*** Extracted material Section Begins ***

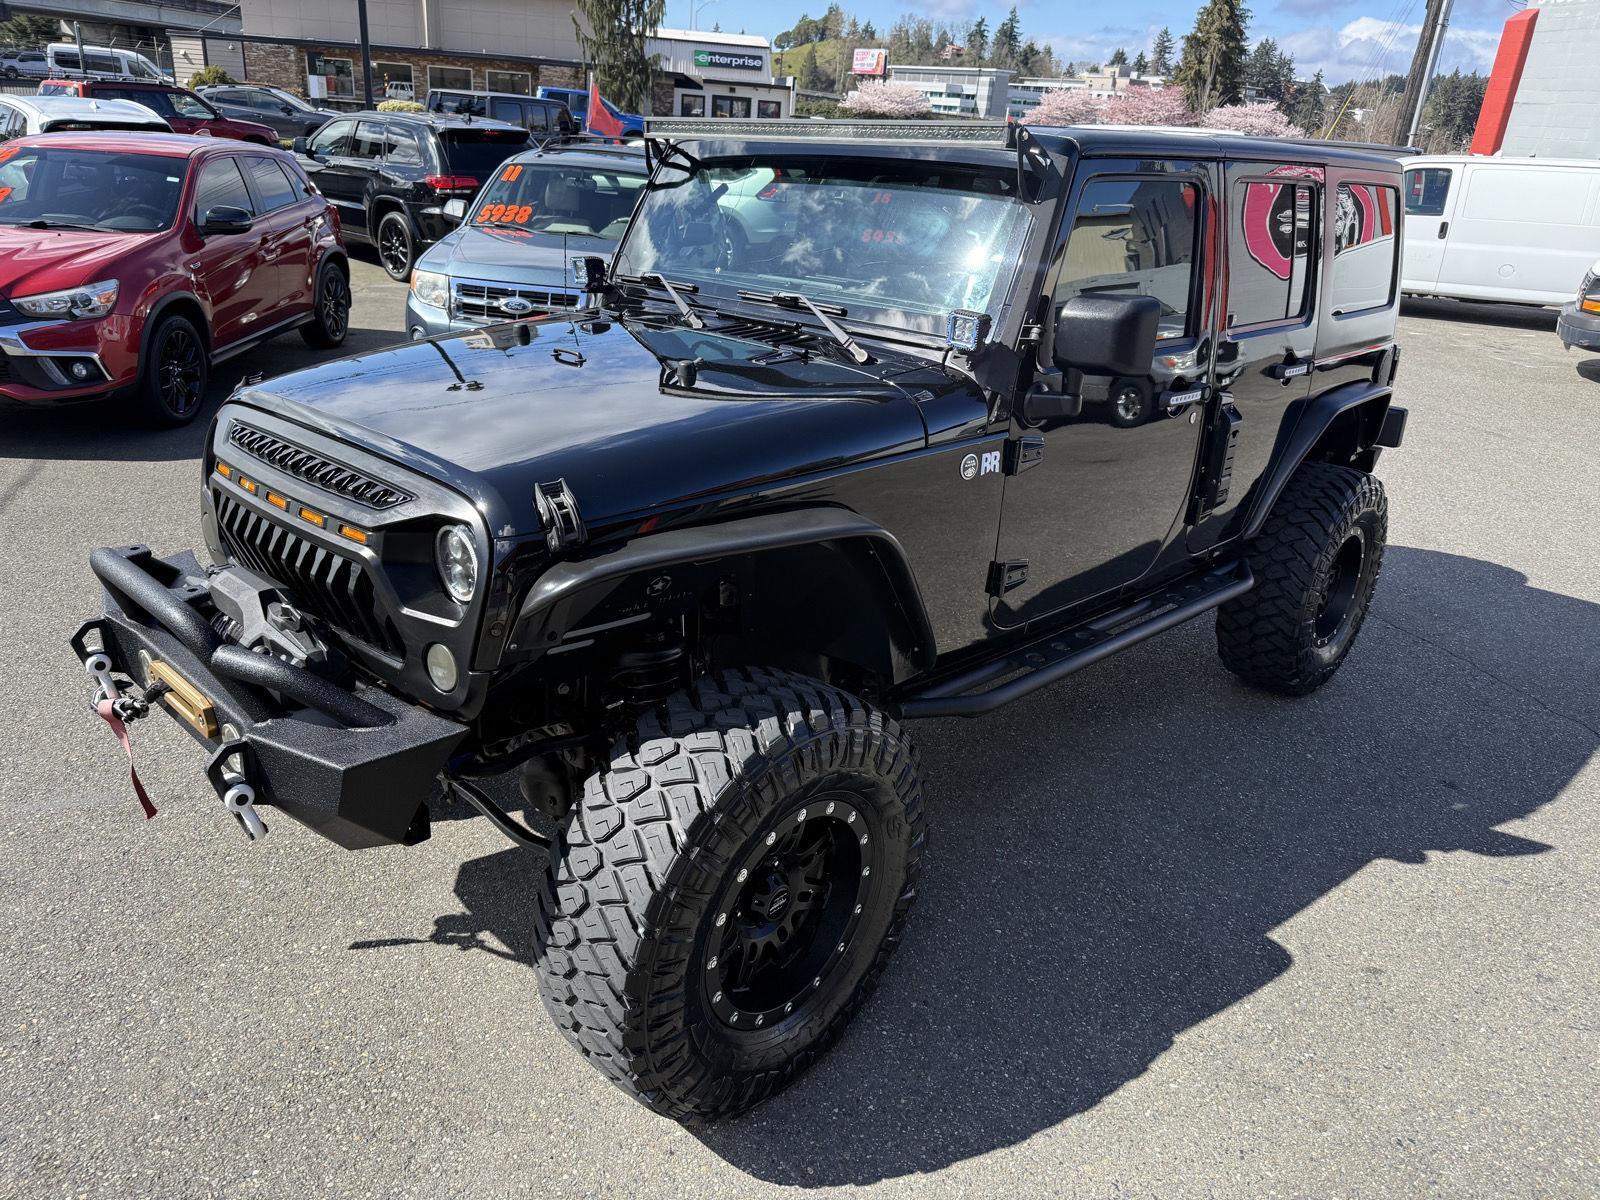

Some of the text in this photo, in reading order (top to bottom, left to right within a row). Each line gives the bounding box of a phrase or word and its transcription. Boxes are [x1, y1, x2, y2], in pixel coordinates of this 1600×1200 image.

[697, 54, 762, 66] enterprise
[501, 165, 523, 182] 11
[476, 204, 533, 224] 5938
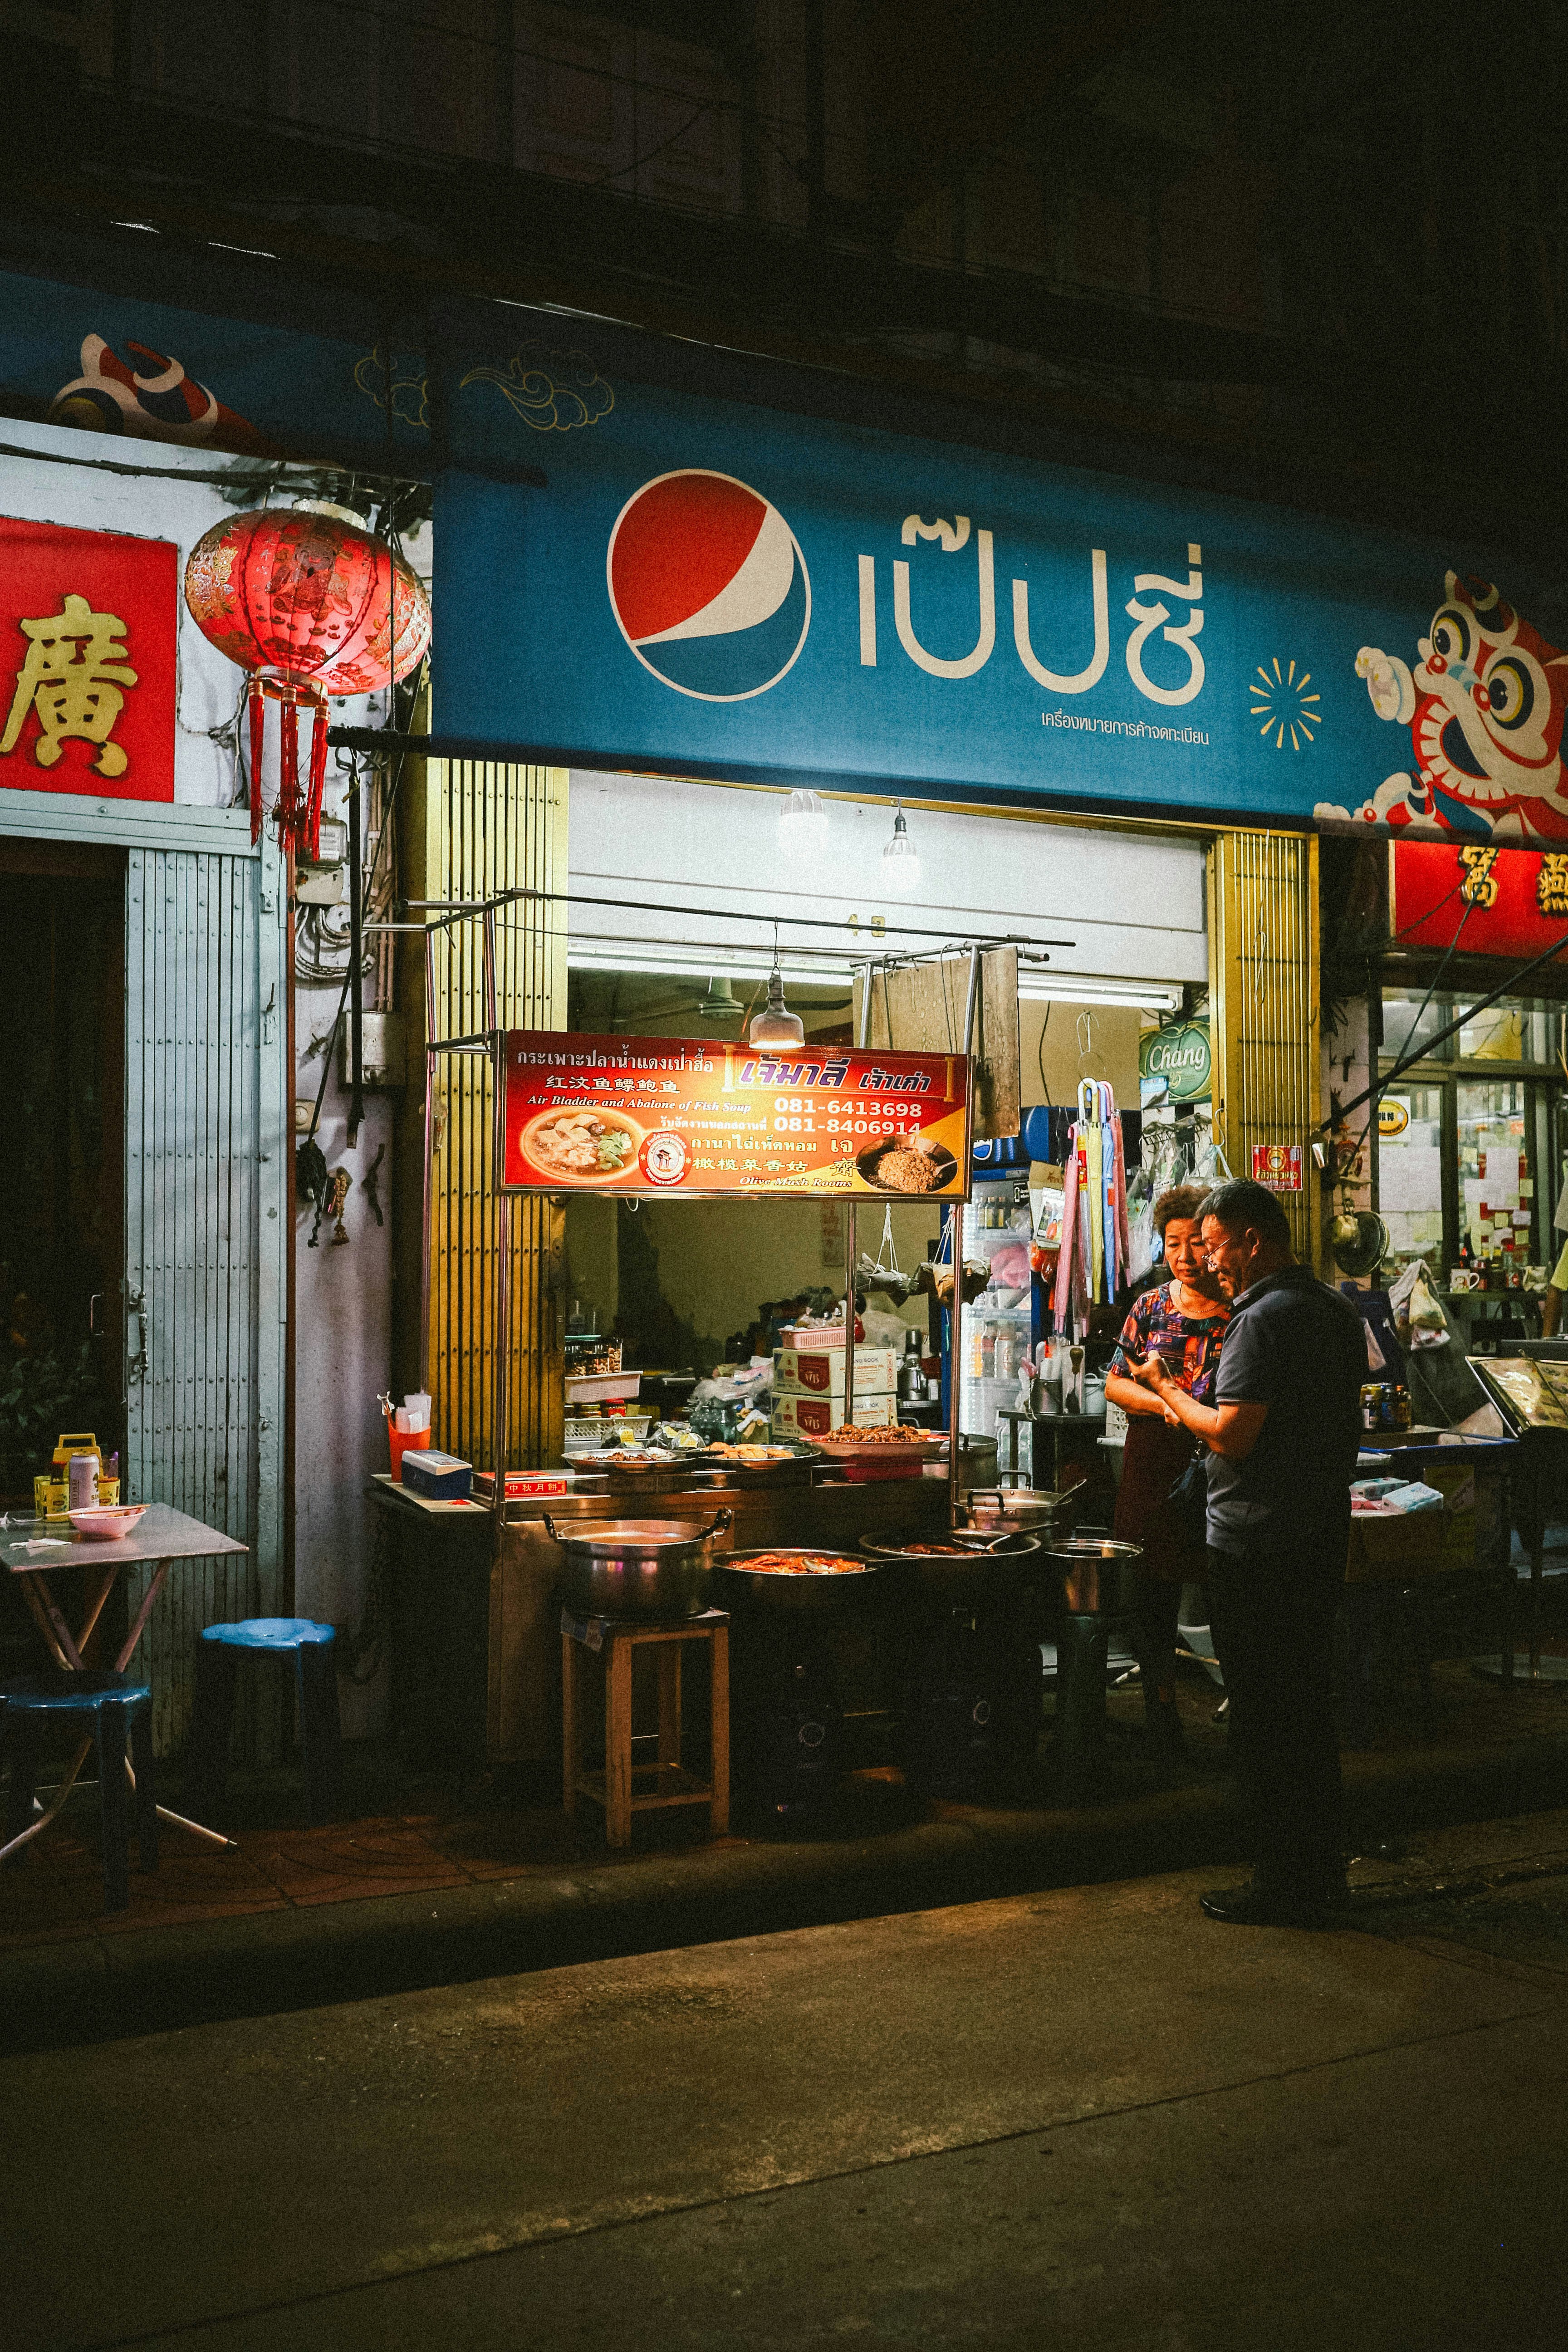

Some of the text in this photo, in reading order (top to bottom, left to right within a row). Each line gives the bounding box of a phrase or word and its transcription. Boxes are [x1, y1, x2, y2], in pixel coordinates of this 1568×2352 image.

*** Extracted material Section Ends ***

Could you restate all of the data above word for word and skip every picture?

Some of the text in this photo, in reading order (top to bottom, left to right within a row). Each line gives the bounding box of a phrase or word and its transcription. Boxes are [x1, y1, x2, y2], in pixel coordinates of this 1600×1200 image.

[697, 54, 762, 66] enterprise
[501, 165, 523, 182] 11
[476, 204, 533, 224] 5938

Some of the text in this photo, in reading order (top to bottom, left to right within a row). Each line gives the bounding box of a phrase or word and its transcription. Boxes are [x1, y1, x2, y2], in pixel coordinates of this 1568×2352 image.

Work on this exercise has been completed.